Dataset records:
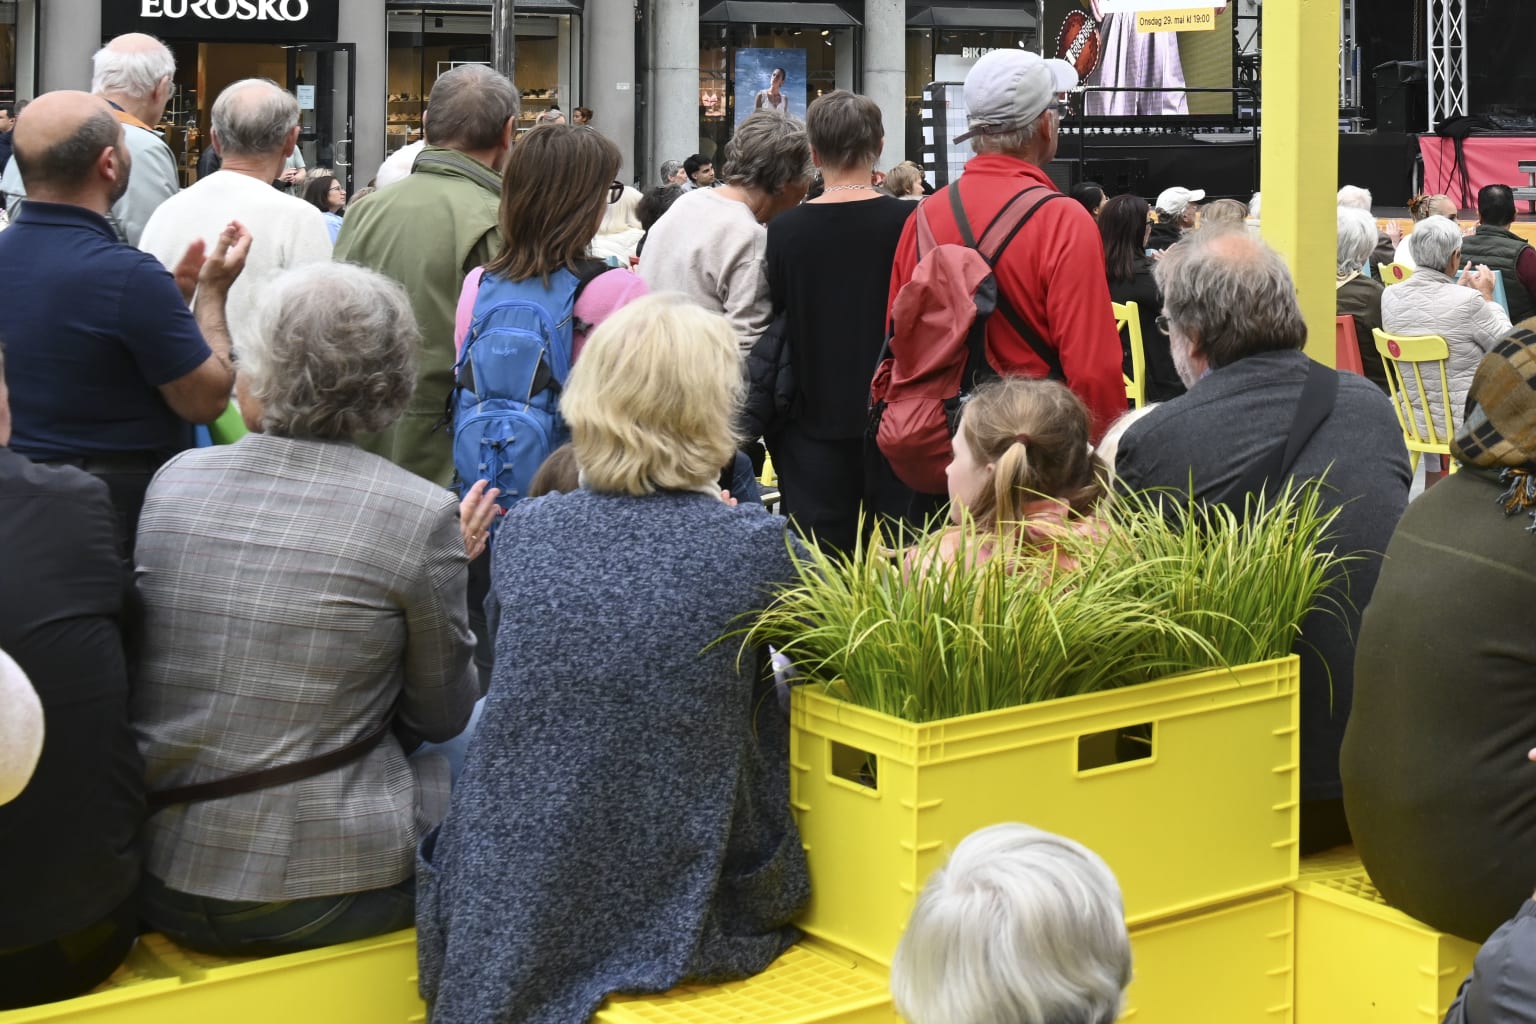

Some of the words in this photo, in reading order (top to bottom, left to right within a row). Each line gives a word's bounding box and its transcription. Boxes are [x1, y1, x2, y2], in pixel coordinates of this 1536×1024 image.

[1139, 16, 1162, 27] Onsdag
[1163, 16, 1173, 25] 29.
[1174, 15, 1185, 24] mai
[1186, 14, 1192, 23] kl
[1193, 13, 1210, 23] 19:00

Work request
In the copy, leave out the pictures and restate the records exactly.

Answer
Some of the words in this photo, in reading order (top to bottom, left to right within a row). Each line gives a word's bounding box and its transcription. Boxes are [x1, y1, x2, y2], in pixel coordinates of this 1536×1024 image.

[1139, 16, 1162, 27] Onsdag
[1163, 16, 1173, 25] 29.
[1174, 15, 1185, 24] mai
[1186, 14, 1192, 23] kl
[1193, 13, 1210, 23] 19:00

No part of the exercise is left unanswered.